------ MATERIAL PROVIDED
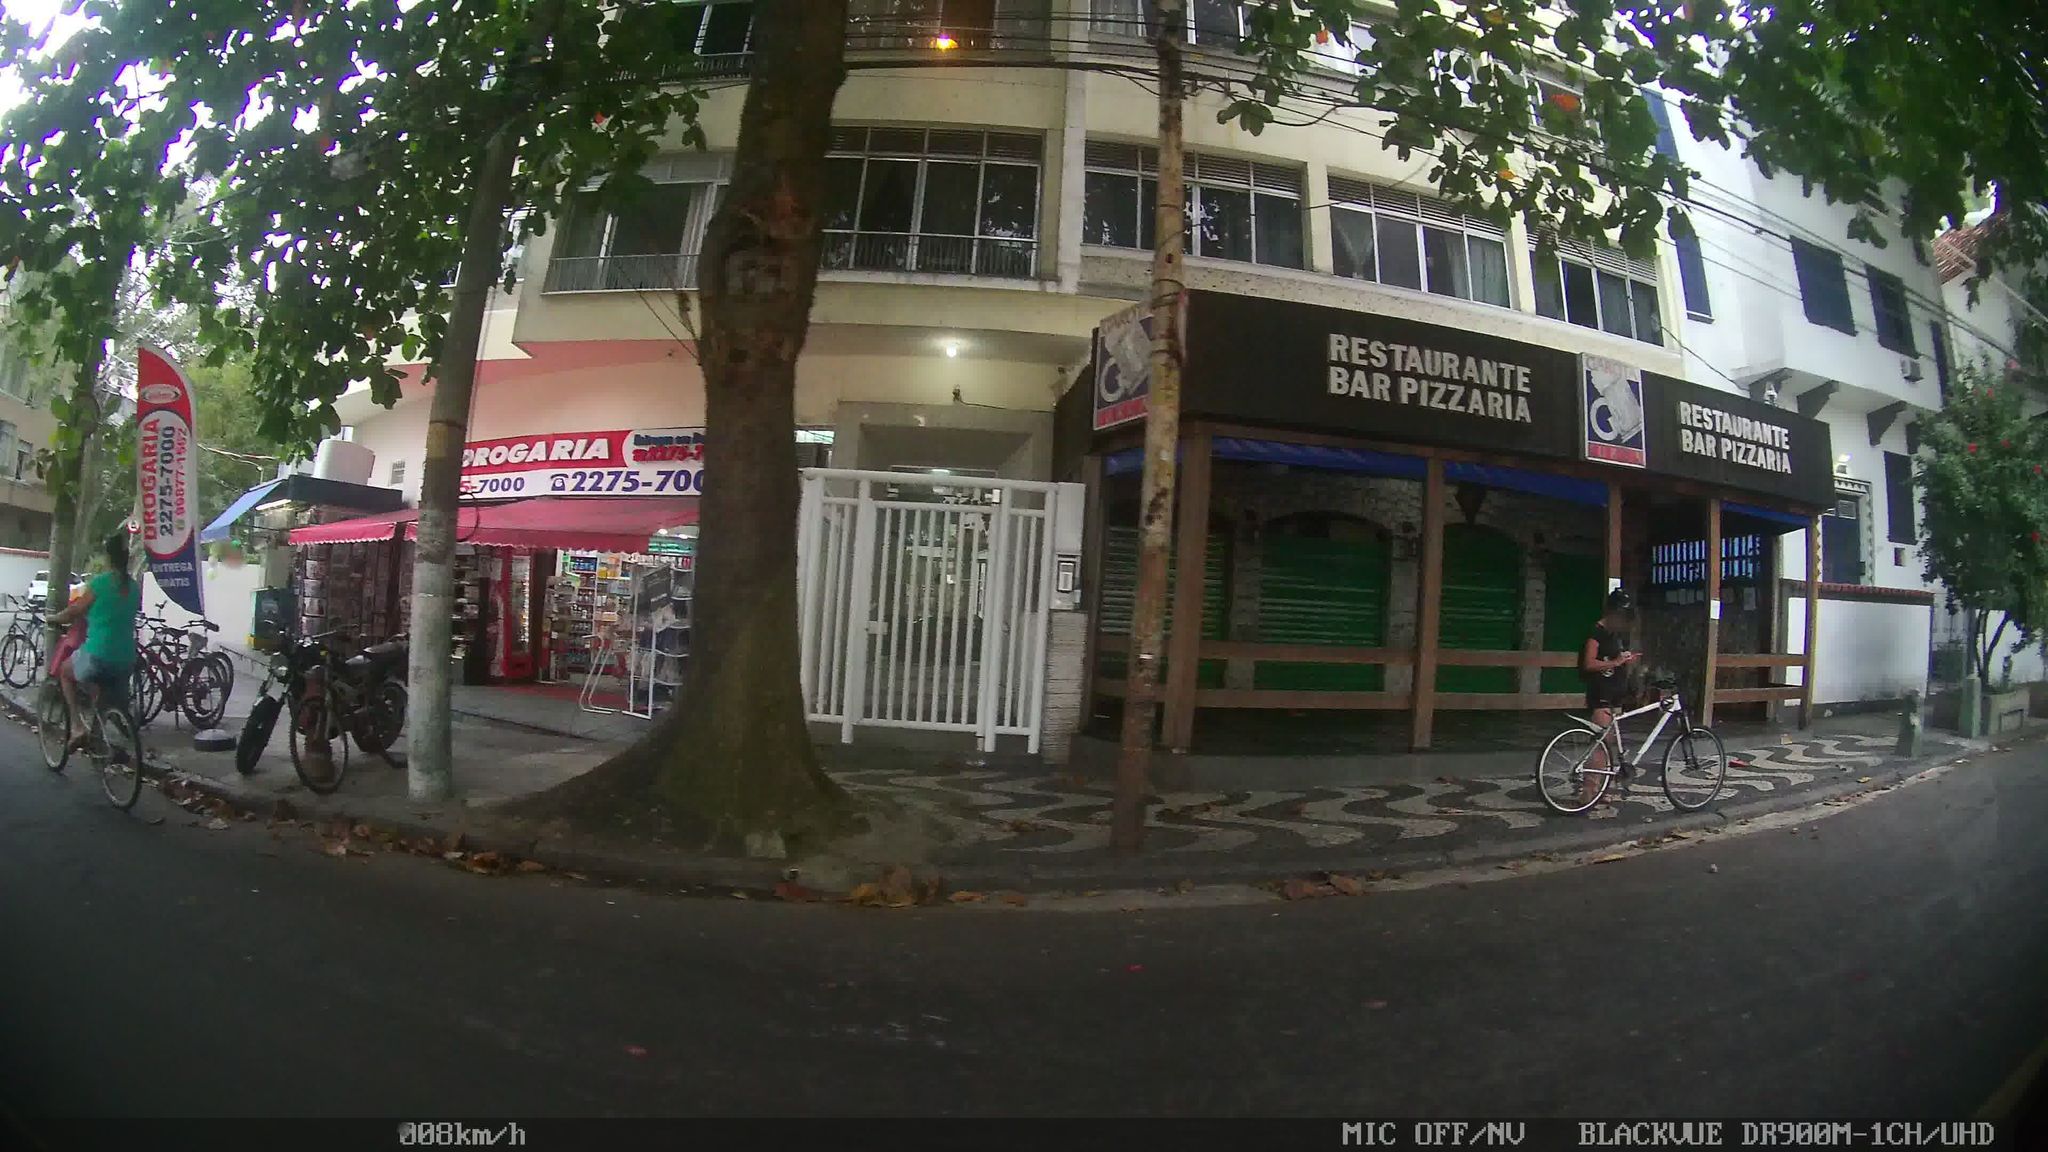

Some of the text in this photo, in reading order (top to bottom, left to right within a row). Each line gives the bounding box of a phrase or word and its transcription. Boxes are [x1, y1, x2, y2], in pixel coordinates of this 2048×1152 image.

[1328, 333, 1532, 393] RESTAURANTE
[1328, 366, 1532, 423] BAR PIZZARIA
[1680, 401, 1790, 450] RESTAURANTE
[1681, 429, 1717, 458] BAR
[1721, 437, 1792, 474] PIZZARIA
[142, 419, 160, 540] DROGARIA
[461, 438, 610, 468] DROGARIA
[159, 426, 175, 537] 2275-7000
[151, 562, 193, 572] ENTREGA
------------
§ TASK TO CARRY OUT:
Repeat every entry exactly. Do not include the pictures.

§ TASK OUTPUT:
Some of the text in this photo, in reading order (top to bottom, left to right within a row). Each line gives the bounding box of a phrase or word and its transcription. Boxes are [x1, y1, x2, y2], in pixel coordinates of this 2048×1152 image.

[1328, 333, 1532, 393] RESTAURANTE
[1328, 366, 1532, 423] BAR PIZZARIA
[1680, 401, 1790, 450] RESTAURANTE
[1681, 429, 1717, 458] BAR
[1721, 437, 1792, 474] PIZZARIA
[142, 419, 160, 540] DROGARIA
[461, 438, 610, 468] DROGARIA
[159, 426, 175, 537] 2275-7000
[151, 562, 193, 572] ENTREGA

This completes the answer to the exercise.